DominoPower: A comparison of apples and oranges?
In the January 2006 issue of DominoPower, they have an article called 'What's really new with Domino Domain Monitoring?'. (In fact, it's the first article listed from the issue's home page.) In it, the author says this, "...I'll subject the new R7 DDM features to as objective analysis as I can." Oh, by the way, the author works for GSX Groupware Solutions, which he also mentions is "...arguably a competitor to Lotus' new Release 7 Domino Domain Monitor, so admittedly we do have something of a bias when it comes to Lotus' marketing claims for DDM."Now I should have known from the beginning that this was a glorified ad for a product that GSX Groupware Solutions was selling, but I wanted to give the author the benefit of the doubt. I shouldn't have.
He used this 'marketing hype' versus 'reality' thing, but it seemed like he was comparing what was 'marketing hype' to sell the product to new customers versus his 'reality', which was just a look at the changes between previous versions and ND7. This is hardly a fair comparison.
The article had a subtitle of 'BUSINESS PARTNERS SPEAK OUT', so I guess that's how DominoPower can say that it was going to be a bit one-sided, but it should not have made that the first article of the issue. It wasn't a top news story, it was a marketing paper, plain and simple. Couldn't the Lotusphere article have been the top article?
I guess it's my fault for reading articles before I have my first coffee of the day.
1 Comments:
That's a fair comment.
We often let those with a vested interest speak out, as long as their bias is stated upfront. Sometimes those with the vested interest tend to know more about a topic than anyone else. Certainly GSX knows more about DDM than those of us on the editorial staff of DominoPower -- and nearly anyone else we've talked to.

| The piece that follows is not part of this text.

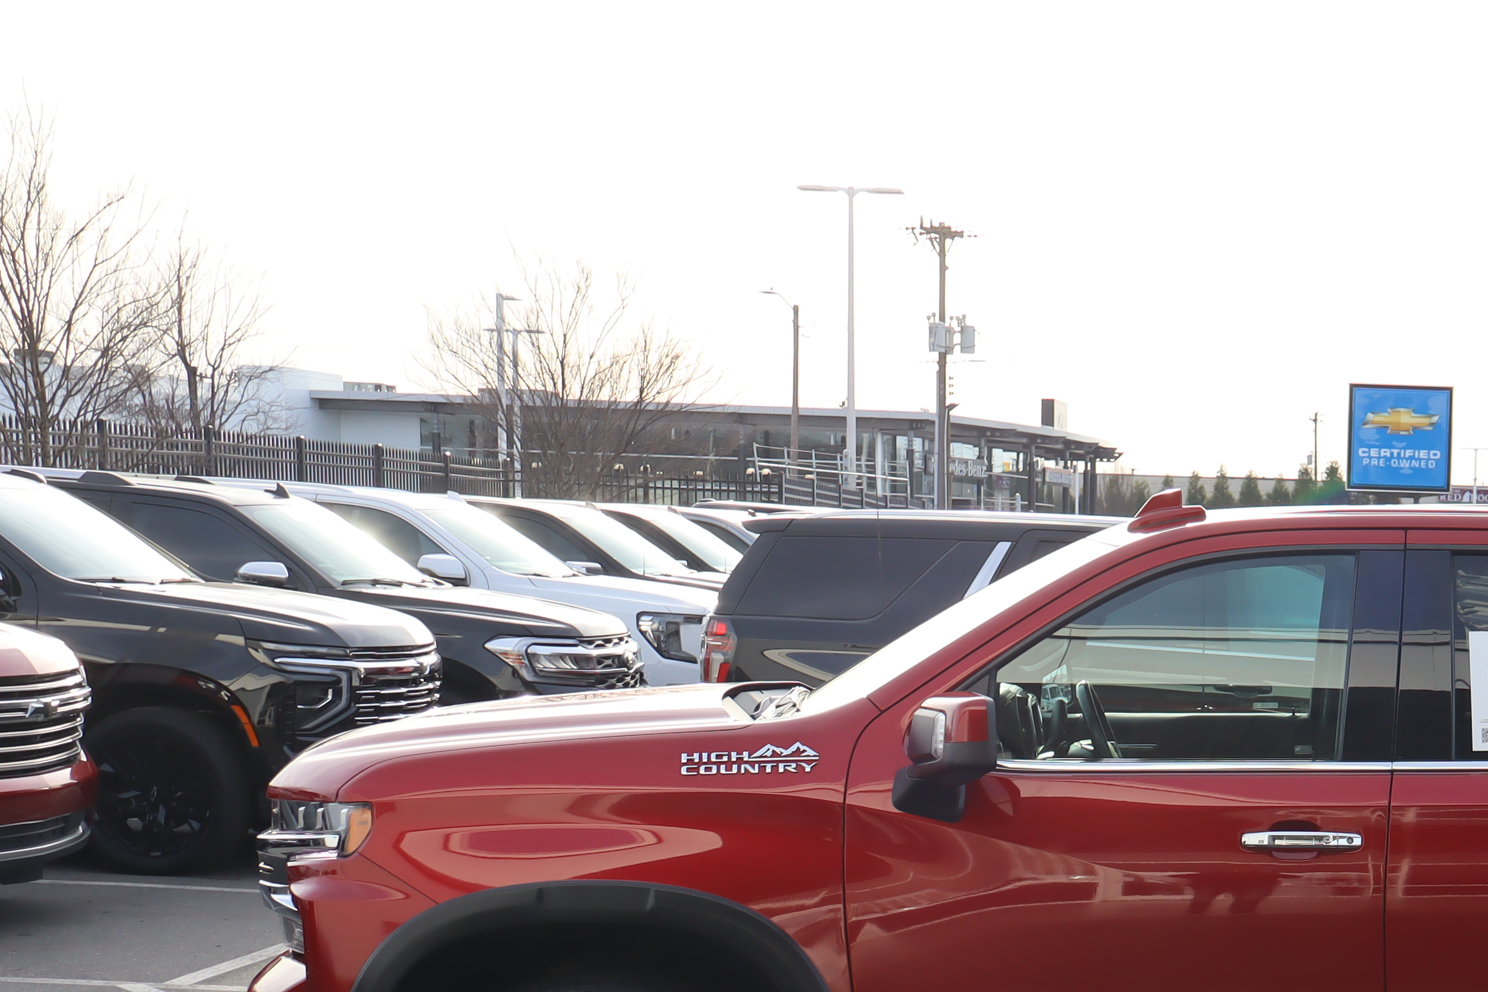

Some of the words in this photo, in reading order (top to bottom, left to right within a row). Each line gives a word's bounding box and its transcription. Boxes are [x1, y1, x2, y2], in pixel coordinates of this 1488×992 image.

[1358, 448, 1441, 459] CERTIFIED
[1363, 458, 1436, 469] PRE-OWNED
[681, 751, 750, 763] HIGH
[680, 762, 818, 776] COUNTRY

The key, when reading, is knowing there's a bias and picking out the germs of information you can't get anywhere else.
On your other comment, the order of articles in the magazine is currently determined entirely programmatically. Our content management system grabs the titles, mushes through them, and posts them on our table of contents pages and home pages. Eventually, I hope to change that, but it's one of those mere matters of programming (and I've got a very, very long list of mere matters of programming!).